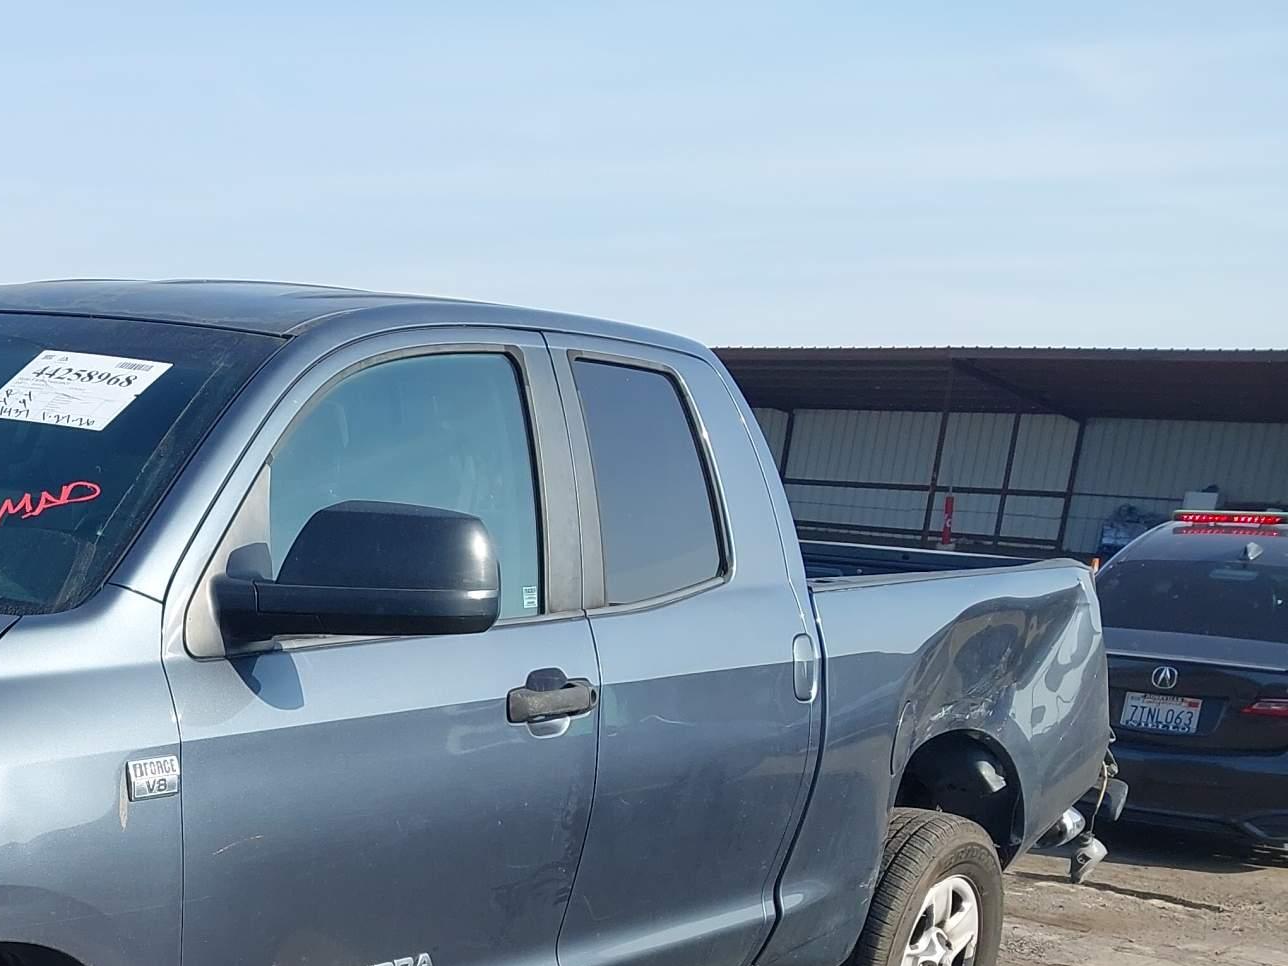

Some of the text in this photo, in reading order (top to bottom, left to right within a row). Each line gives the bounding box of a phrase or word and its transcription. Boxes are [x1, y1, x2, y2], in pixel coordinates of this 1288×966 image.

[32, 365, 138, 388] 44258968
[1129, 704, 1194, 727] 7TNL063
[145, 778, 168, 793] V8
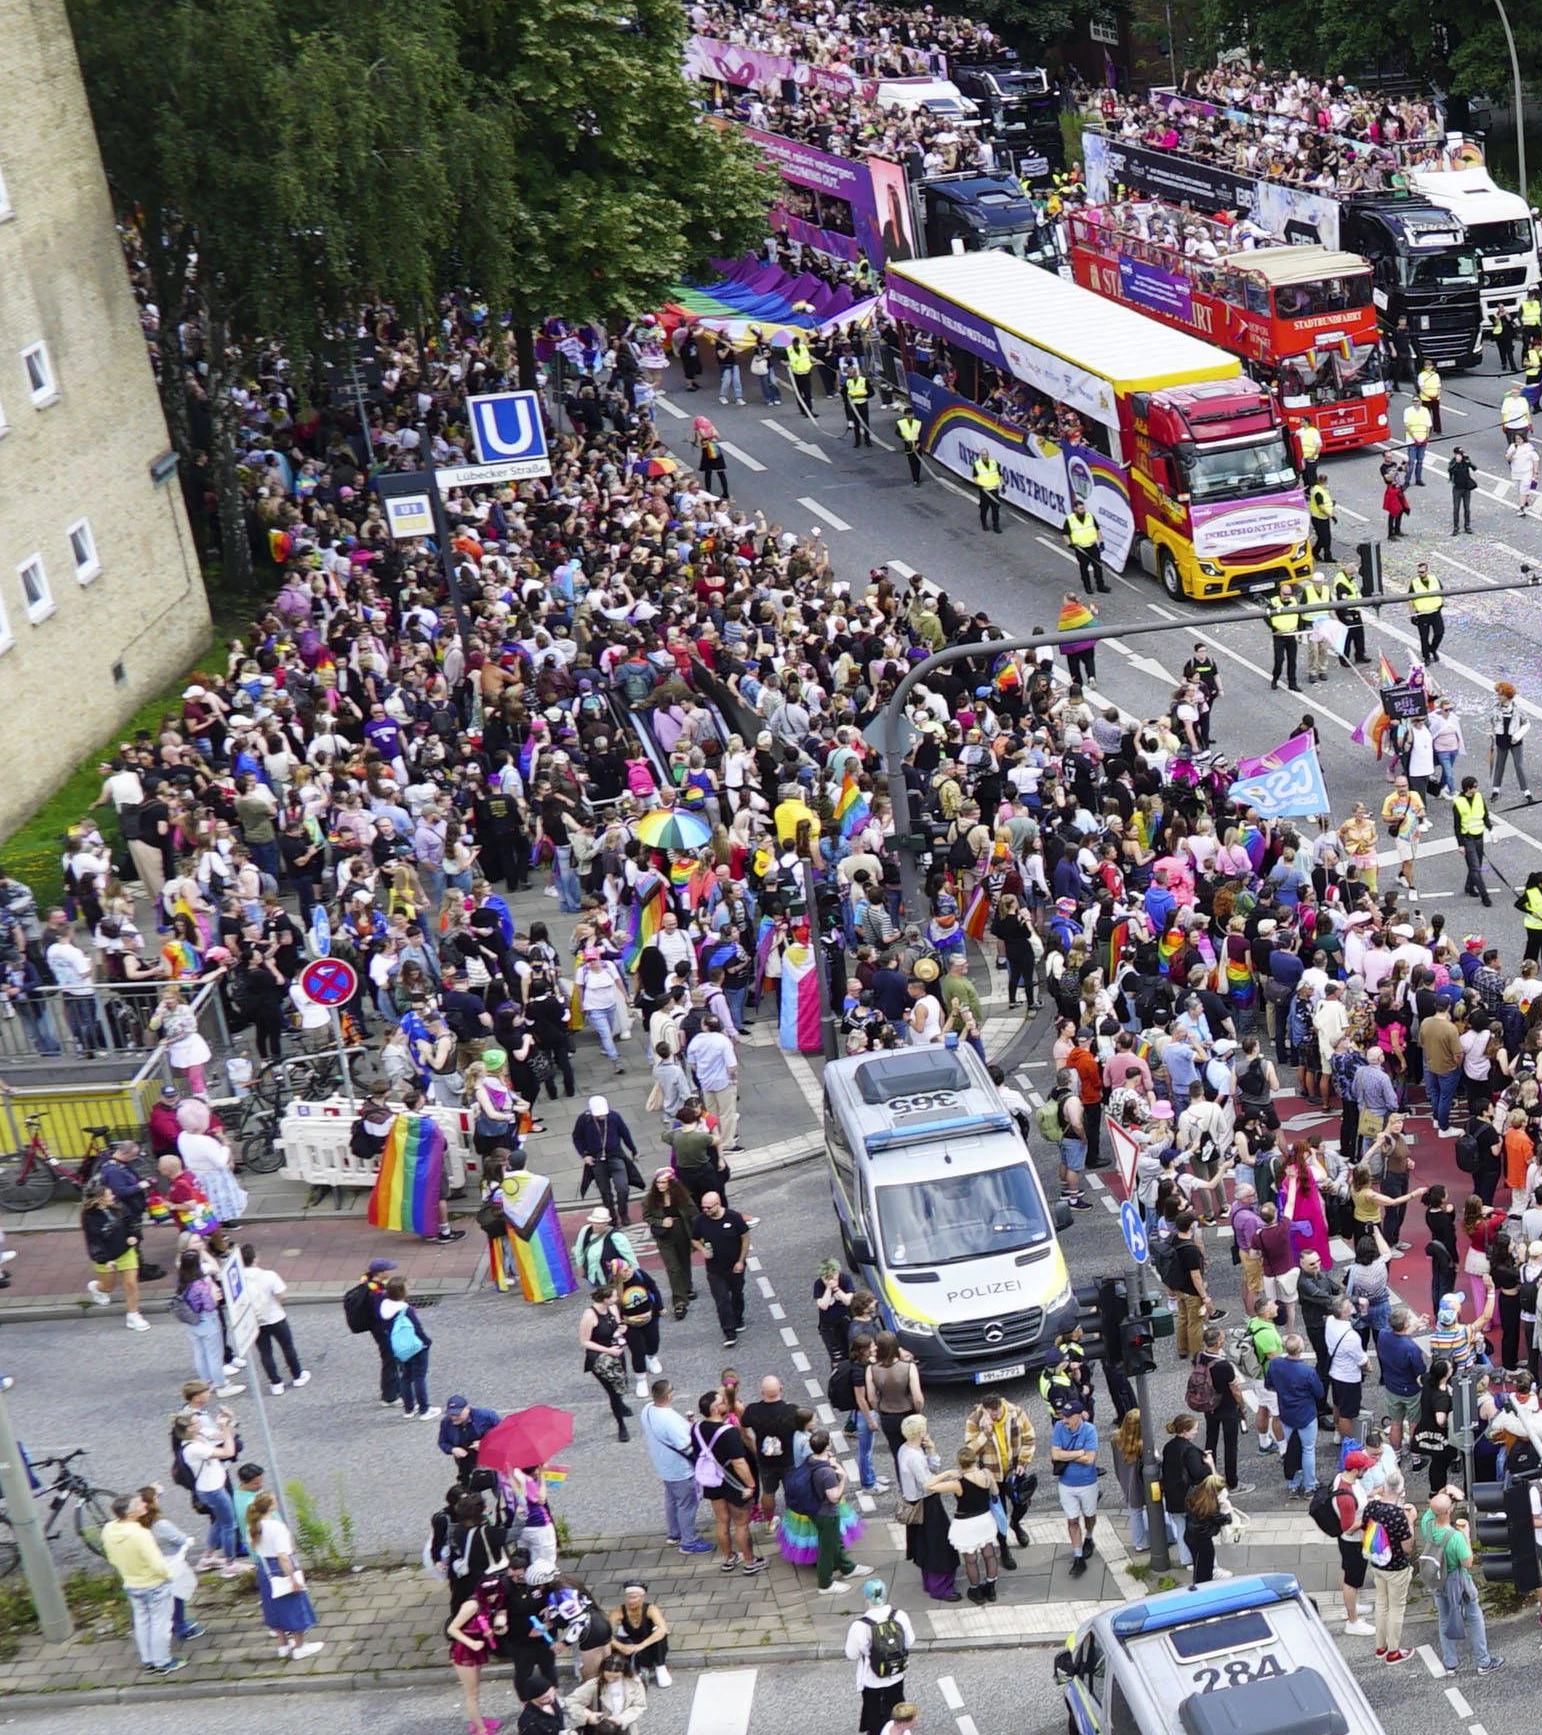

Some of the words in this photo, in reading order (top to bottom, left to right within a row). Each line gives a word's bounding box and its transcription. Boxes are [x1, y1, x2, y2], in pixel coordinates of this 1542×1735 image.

__TASK BRIEF__
Print the whole listing above once more, word for word, without its pictures.

__EXERCISE RESULT__
Some of the text in this photo, in reading order (top to bottom, left to right within a row). Each line gives the bounding box of a phrase or word and its transcription. Boxes are [x1, y1, x2, y2], in pixel coordinates of this 1288×966 image.

[32, 365, 138, 388] 44258968
[1129, 704, 1194, 727] 7TNL063
[145, 778, 168, 793] V8

Some of the words in this photo, in reading order (top to bottom, left to right within a row). Each line gives a word's bounding box and its transcription. Boxes are [x1, y1, x2, y2], in pixel coordinates of this 1542×1735 image.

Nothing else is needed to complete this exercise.